GHOSTS OF CHRISTMAS COMPILATIONS PAST

Like insects preserved in amber from the Jurassic age, frozen emotions of yesteryear are embalmed on the playlists of Christmases past, and as I play them now, I feel a little like Scrooge peering through the frosted windows of old memories from previous chapters of my life. There are friends and family I've lost in those music selections, loves that vanished out of sight.
Music compilations distill emotions and protect them in a sort of immortal form (unless, like some conspiracy theorist warned me, that one day all information recorded on Compact Discs will suddenly vanish). I hope not.
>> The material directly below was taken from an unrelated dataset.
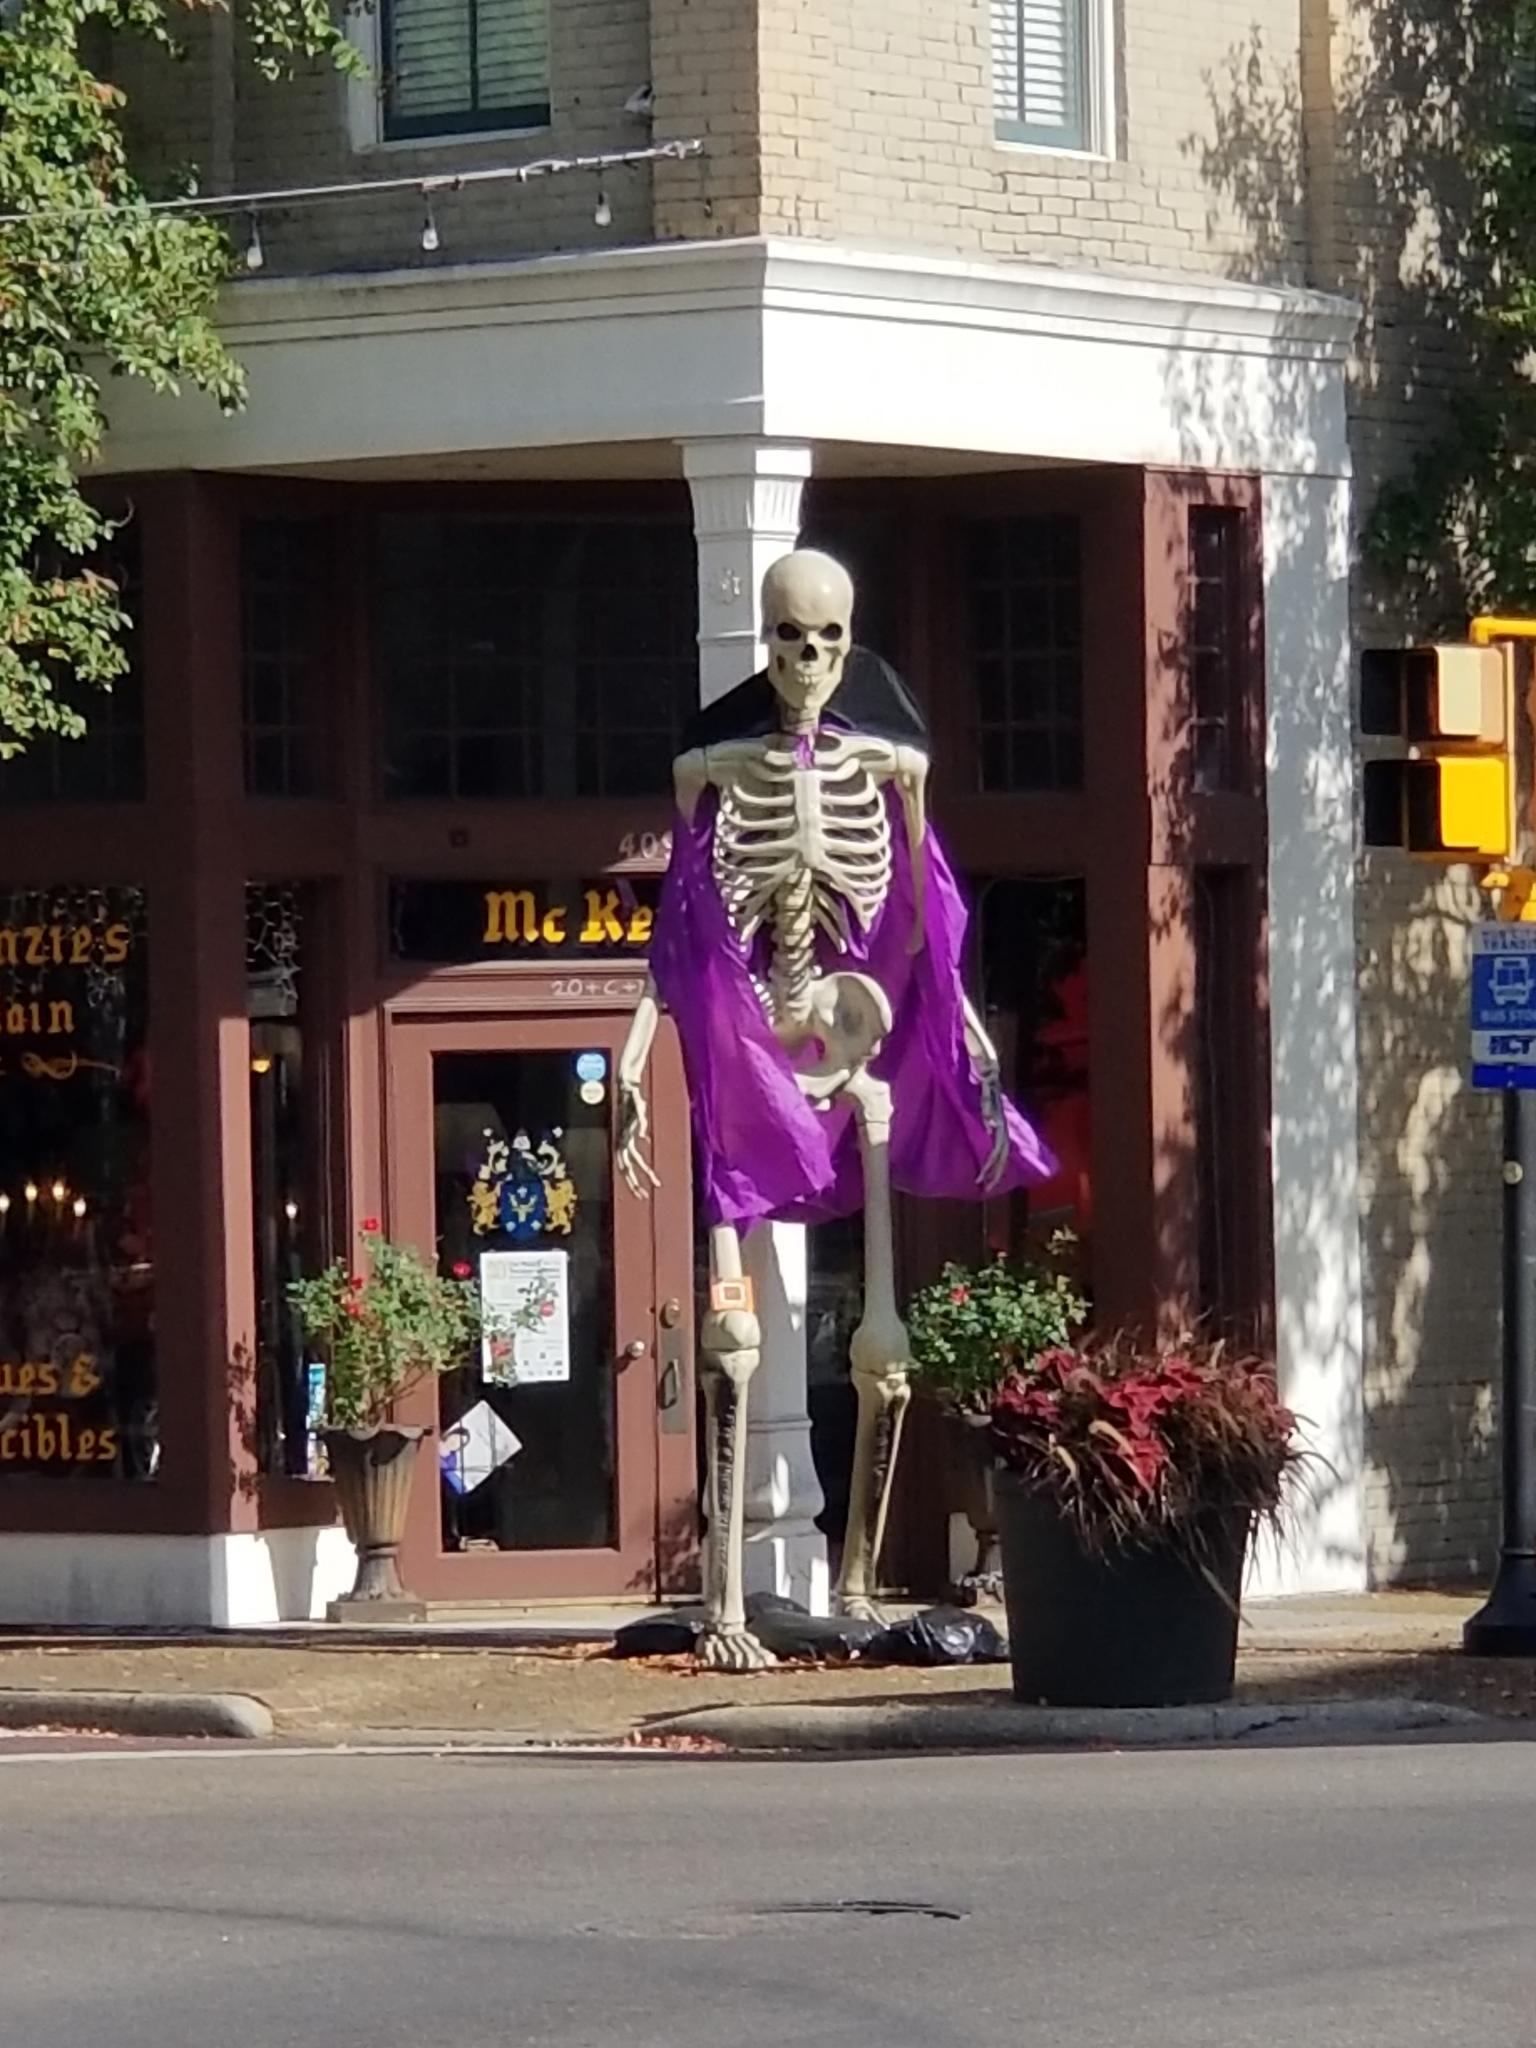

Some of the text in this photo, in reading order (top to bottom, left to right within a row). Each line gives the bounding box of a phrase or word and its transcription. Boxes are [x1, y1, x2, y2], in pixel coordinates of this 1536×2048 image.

However, the philosophy behind a Christmas compilation can get a little political if you talk to others who also like to end the year with a track selection to share with their friends and family. For some, it's about encapsulating the feeling of the festive season itself, with no shadow of darkness to cloud the holiday vibes.
As for me, I see it as a state of where I'm at in relation to the world around me. Sometimes it's not pretty, and I throw some grenades amongst the tinsel, and of course, there's a vanity in thinking anyone cares about what tracks you choose to close the year out.
The truth is, we make these compilations for ourselves deep down. Listening to a Christmas compilation from 2013, I was taken on a rollercoaster of emotions of that year, and I could step back into the time and place like a seamless teleportation from now into my past.
Compilations are time machines, and the music we choose for them may seem random and arbitrary to others but is often subconsciously deeper than they, or even we, realise at the time of putting them together.
As for the Christmas 2013 compilation, a few tracks in particular stand out to me, including Natacha Atlas’s You Only Live Twice, Leonard Cohen’s Going Home, Chaka Khan’s Through the Fire, and Grayston Ives’s Listen Sweet Dove.
But if I’m choosing one as a taster of that vintage year, then it’s got to be Bon Iver’s Beth/Rest, which explores the notion that true love is bigger than our conventional measure of space and time. Something eternal like a star in the night.
Perhaps that’s why I had to pause when I played this compilation of Christmas past. It was like a ghost reaching out to me beyond time, reminding me I'm not alone.